In advance, I’m sorry.

“Do you care if I / don’t know what to say? / Will you sleep tonight? / Will you think of me? / Will I shake this off… / pretend it’s all OK / that there’s someone out there / who feels just like me? There is.”
Boxcar Racer

Someone I know and love is about to begin a very rough process, one which will indelibly mar his future for the next several years and perhaps even his life. It is a time of massive shifts, friends and enemies, and really, truly terrible haircuts.

Yes, that’s right. My son is about to start middle school and I’m losing my cookies.

I’m not freaking out because he’s growing up, wearing deodorant, making new friends, and learning to live without me. No, amen (“Praise the lawd!”) to all of that. I’m freaking out because this was by far the worst period of my life. I’ve often mused that if ever offered extra life–no matter the length–but I had to re-live middle school, I would never do it. It was That Bad. (In case you don’t know how bad middle school can be, just read the next few rhetorical questions. If you already know, skip past indented commentary.)

Have you ever had someone you don’t know say you’re gay (let’s pepper it with “faggot,” “les-bo,” and “lady lover” just for full effect) just because you have a close friend? Never mind that she may be the only friend you have, let’s just assume they’re lurid thirteen year old lovers.

Have you ever had all of your friends–literally ALL–suddenly find new friends and you’re by yourself?

Have you ever simply wanted to not live for a few months until it’s all over and summer starts again?*

Have you ever had anxiety? That’s really what I’m getting at.

I’m terrified he’ll also have anxiety. I’m scared he won’t know what to say to people who are mean, even when they may not be intentionally mean. I’m nervous he won’t know how to be himself, because DAMN he’s fascinating.

I’ve been pretty good at “backwards parenting,” a strategy I picked up in college and have refortified years afterward. In college, we were taught to think about the end goal: Where do we want students to end up? After we had an answer, we would design instruction accordingly. I’ve done the same based on some of Stephen Covey’s principles… “Begin with the end in mind” and I often think about what I want to do before I’m gone (dead, to be frank). As for parenting, I try to think about who I want my son to be as an adult and plan accordingly. It won’t work all the time, I know, but it’s a nice attempt on my part… at least I think.

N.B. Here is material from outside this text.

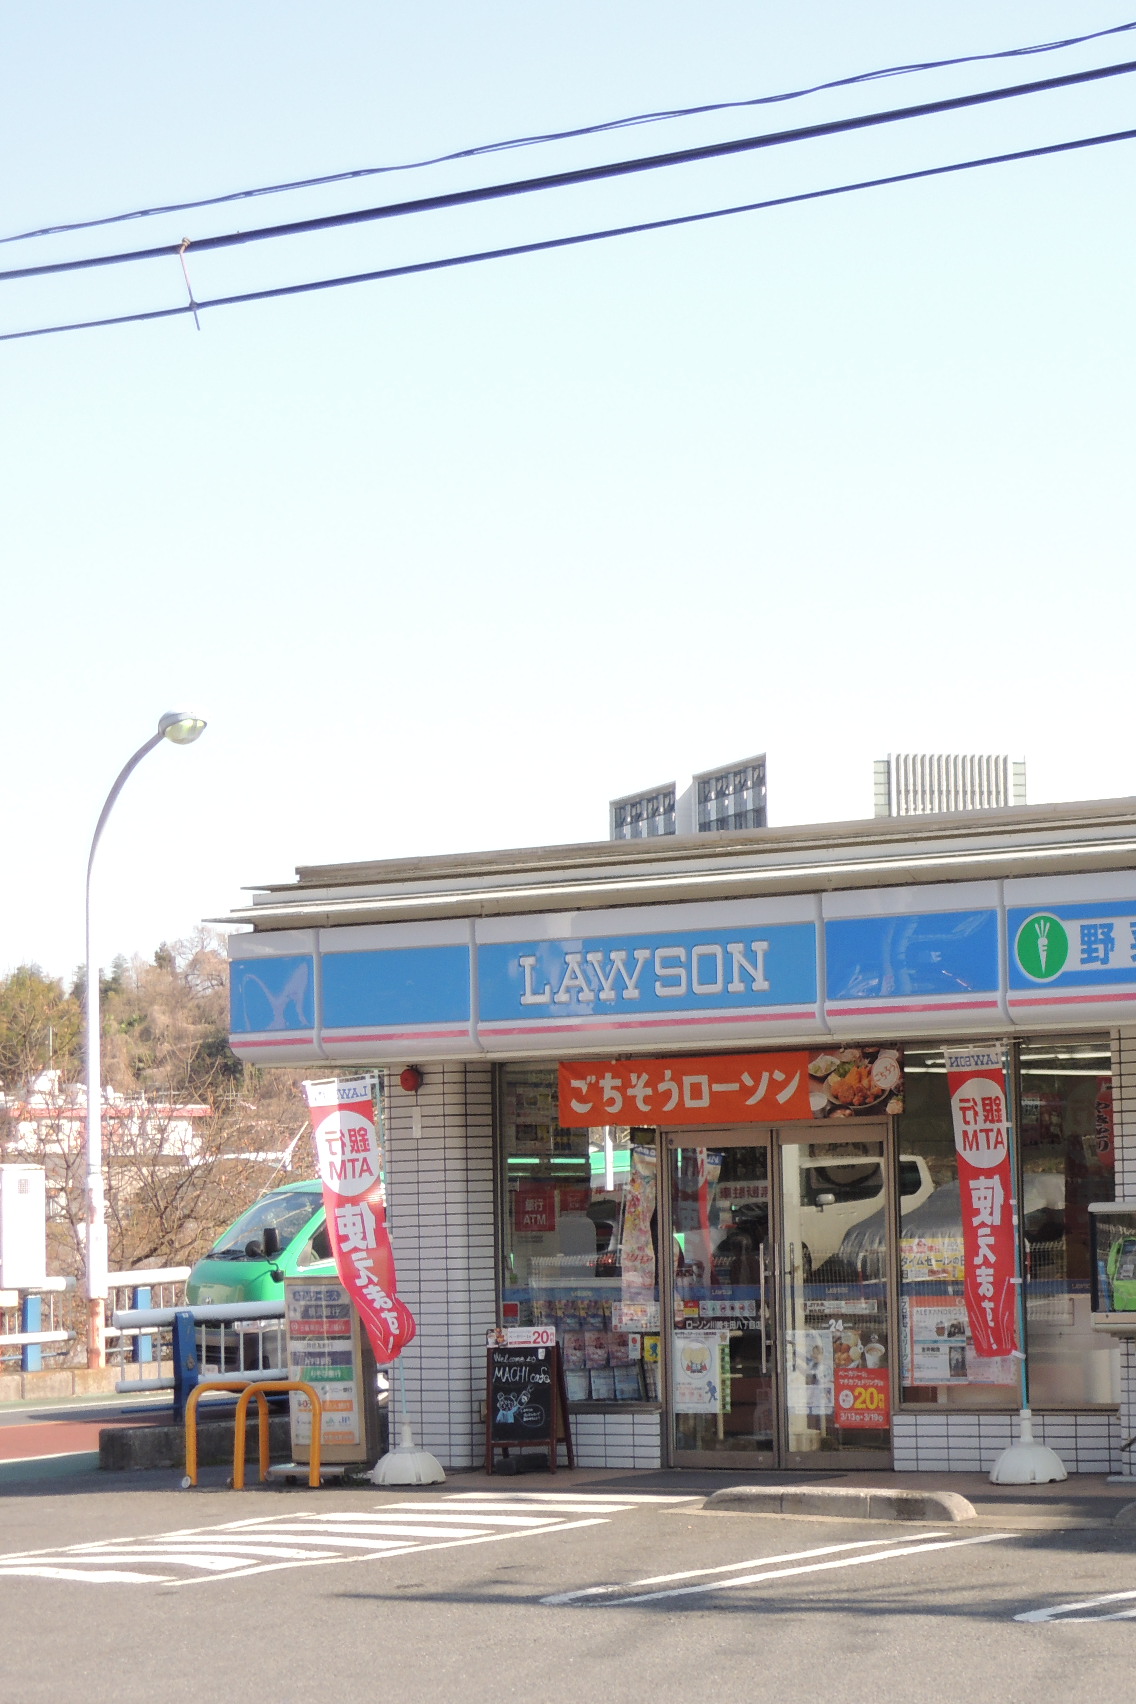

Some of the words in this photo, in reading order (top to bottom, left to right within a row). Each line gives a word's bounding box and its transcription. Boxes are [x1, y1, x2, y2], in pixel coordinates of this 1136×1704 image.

I wanted him to have a basic foundation in sports knowledge for high school and athletic acumen; as such, he played soccer, baseball, basketball, and football. I always regretted not being more musically inclined, so I wanted him to have the opportunity; he played piano for three years, and now for two years he’s played guitar. I want him to feel comfortable talking with me about anything (because that day will come when he has to disappoint me), so I sit as if I’m not dying inside and talk about family, cuss words, divorce, marriage, and the seedy underbelly of humanity (in small doses… I’m not satan).

But anxiety. How do I talk to him about this? “Don’t worry sweetie, your brain only SEEMS like it’s trying to kill you. Those voices aren’t reality. You’ll be fine, I promise.” That seems like a trite condensation, don’t you think?

At the end of the day, I think I’m going to need to invest in some wine, a healthy dose of deep breaths, and just say: “I don’t know what to say. Just know there are people out there who feel just like you. They’re me.”

The hardest part of middle school is feeling as if there aren’t people who get you and that you’re the weirdest, most awkward, creepiest mother lover on the face of the earth. The truth is, we’re all truly weird-os; some are just better at hiding it than others. This knowledge is crucial.

Or I can always settle for: “Someday it will be legal for you to buy vices. Be patient. But in the mean time, I’m sorry. I’m so, so sorry.”

*I turned out OK. I even somehow was Homecoming Queen. Life is weird.